Research Information Scientist
The effective use of data has become essential for city management and policy development, for citizen engagement, and for academic research. Yet the sheer volume of urban data is overwhelming—ranging from administrative records in city agencies, to financial records in businesses and again to real‐time data on citizen calls to 311, energy use, and particulate pollution. Data collection is outpacing the capacity of the urban policy and research community to make use of the data.
The CUSP NYU data facility has been established to support the empirical study of cities in conjunction with New York based researchers, agencies, and citizens. It uses modern approaches to reduce the multiple technical, legal, bureaucratic, capacity, and cost barriers to access so that the full research and policy benefits can be realized. The facility has two goals: (i) ensure that new and existing urban data are made available to and used by current and future members of the research community in a state of the art facility, and (ii) staff in government agencies and local citizens are engaged by the ability to use the facility to addressing important urban problems.
The data facility is being built out in close collaboration with the NYU Division of Libraries. More information about the vision and services currently provided can be found at https://datahub.cusp.nyu.edu/.

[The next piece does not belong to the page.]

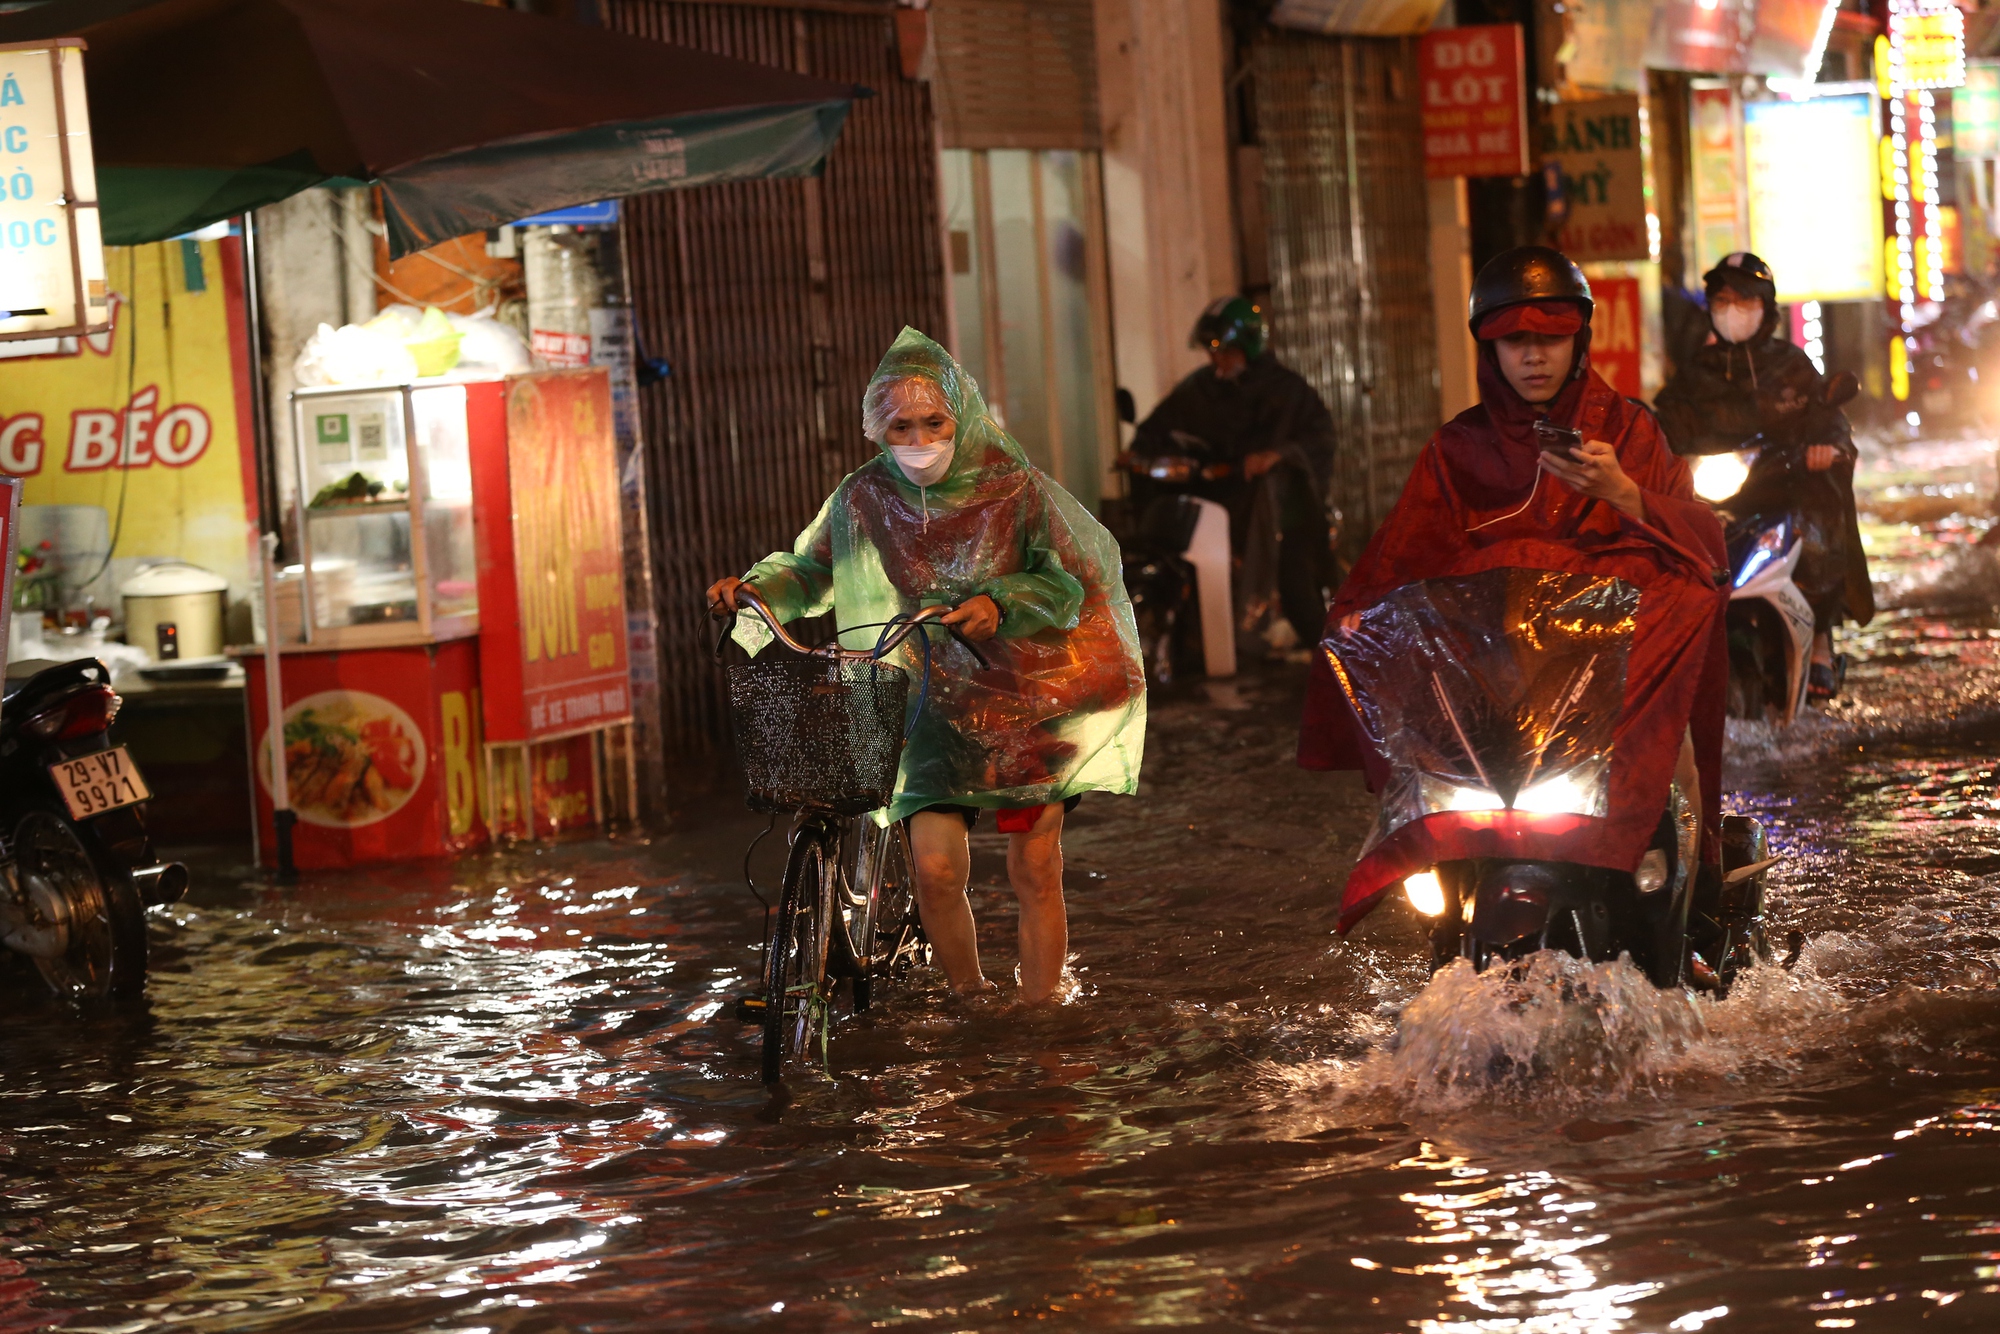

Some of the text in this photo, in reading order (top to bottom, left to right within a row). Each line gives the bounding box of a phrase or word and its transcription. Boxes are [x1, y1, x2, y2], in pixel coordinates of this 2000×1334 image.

The Research Information Scientist at CUSP
CUSP datasets include administrative data from city agencies, researcher analytical datasets, population datasets from the US Census Bureau, and large, streaming sensor, image, and other spatiotemporal datasets. Data management at this scope and scale is an exciting yet challenging area of research. CUSP seeks a research information scientist who has a strong background in the information sciences with sufficient technical expertise to harness new advances in the research field. A successful candidate will be capable of learning new skills and methods to readily adapt to changes in the way that research data centers manage large and complex datasets.
This is a full time, yearly renewable position. The research information scientist will be embedded at the CUSP data facility and report to both the Associate Director of Data Resources and Data Strategy at CUSP and the NYU Division of Libraries.
The research information scientist will serve as an information specialist, programmer, and ETL engineer, in order to support the full CUSP data life cycle, including data curation, data ingestion, data discovery, and researcher access. The research information scientist will be responsible for collecting, developing, collating, archiving and communicating information about research datasets in the CUSP data facility. In that role, s/he will oversee the metadata management system and design/implement new features or services as needed, which requires strong programming and database skills. S/he will provide basic programming support to software engineers, in order to adapt in-house data profiling and data discovery software. A successful research information scientist candidate will also be able to develop basic complex ETL scripts for data ingest and researcher database development. This person will lead CUSP’s metadata knowledge management – structural and domain information about data assets. In this role, s/he will communicate with domain experts on NYC and related open data, urban policy research data, and physical measurement data, creating a database to facilitate data discovery through new visualization tools that move the field beyond the standard laundry list approach.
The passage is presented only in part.